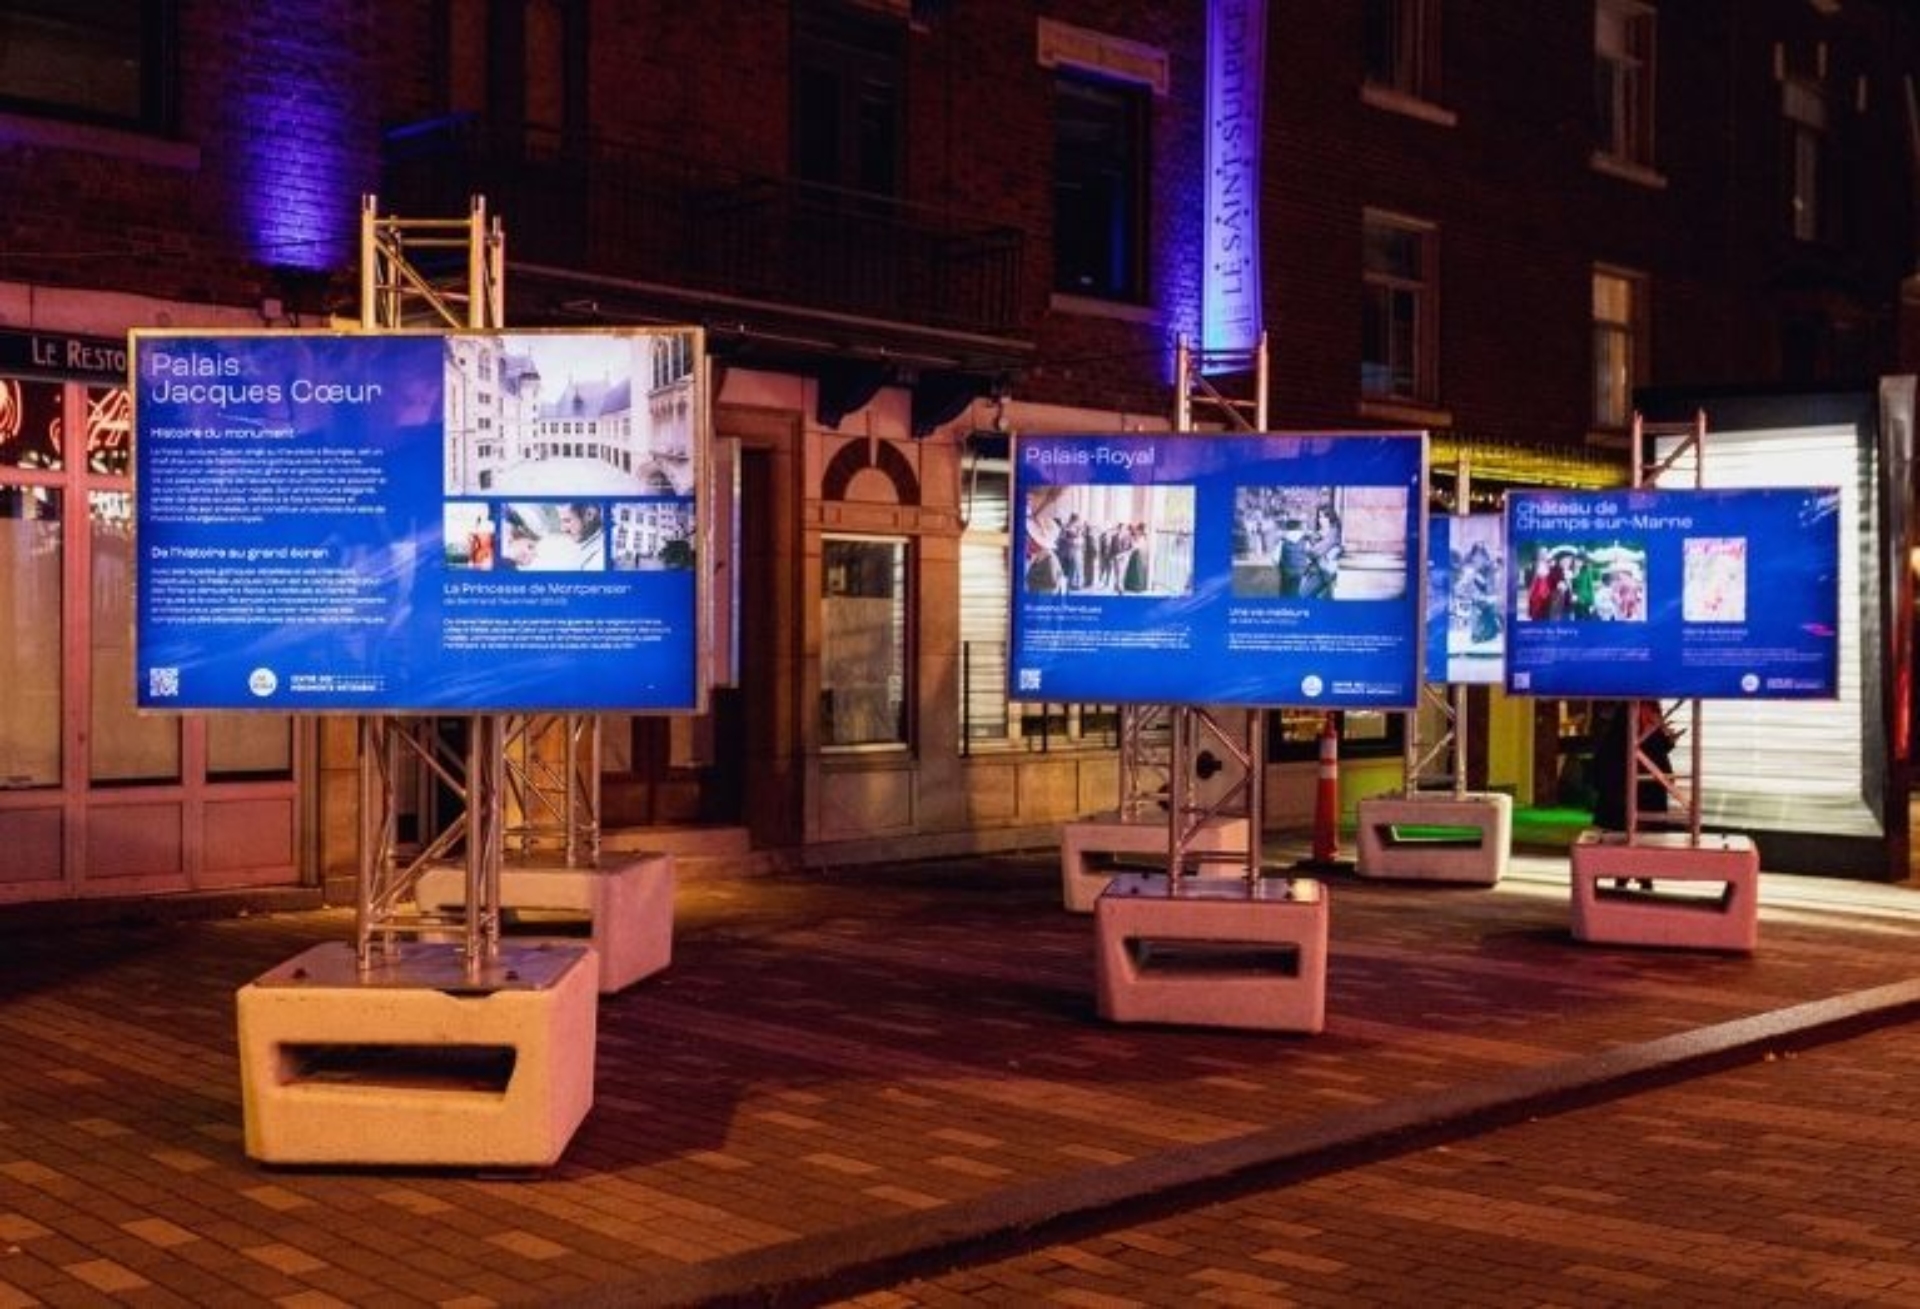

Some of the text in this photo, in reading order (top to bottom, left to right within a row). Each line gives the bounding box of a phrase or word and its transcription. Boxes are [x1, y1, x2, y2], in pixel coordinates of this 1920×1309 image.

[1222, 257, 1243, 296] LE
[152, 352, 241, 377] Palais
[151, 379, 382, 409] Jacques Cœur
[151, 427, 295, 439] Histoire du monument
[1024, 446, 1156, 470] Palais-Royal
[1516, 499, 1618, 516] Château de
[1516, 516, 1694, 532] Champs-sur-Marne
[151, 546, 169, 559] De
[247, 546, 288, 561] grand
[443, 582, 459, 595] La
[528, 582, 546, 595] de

────────────────────────────────────────

The data above must be given back verbatim, minus its images.

◆ Written response
Some of the text in this photo, in reading order (top to bottom, left to right within a row). Each line gives the bounding box of a phrase or word and its transcription. Boxes are [x1, y1, x2, y2], in pixel coordinates of this 1920×1309 image.

[1222, 257, 1243, 296] LE
[152, 352, 241, 377] Palais
[151, 379, 382, 409] Jacques Cœur
[151, 427, 295, 439] Histoire du monument
[1024, 446, 1156, 470] Palais-Royal
[1516, 499, 1618, 516] Château de
[1516, 516, 1694, 532] Champs-sur-Marne
[151, 546, 169, 559] De
[247, 546, 288, 561] grand
[443, 582, 459, 595] La
[528, 582, 546, 595] de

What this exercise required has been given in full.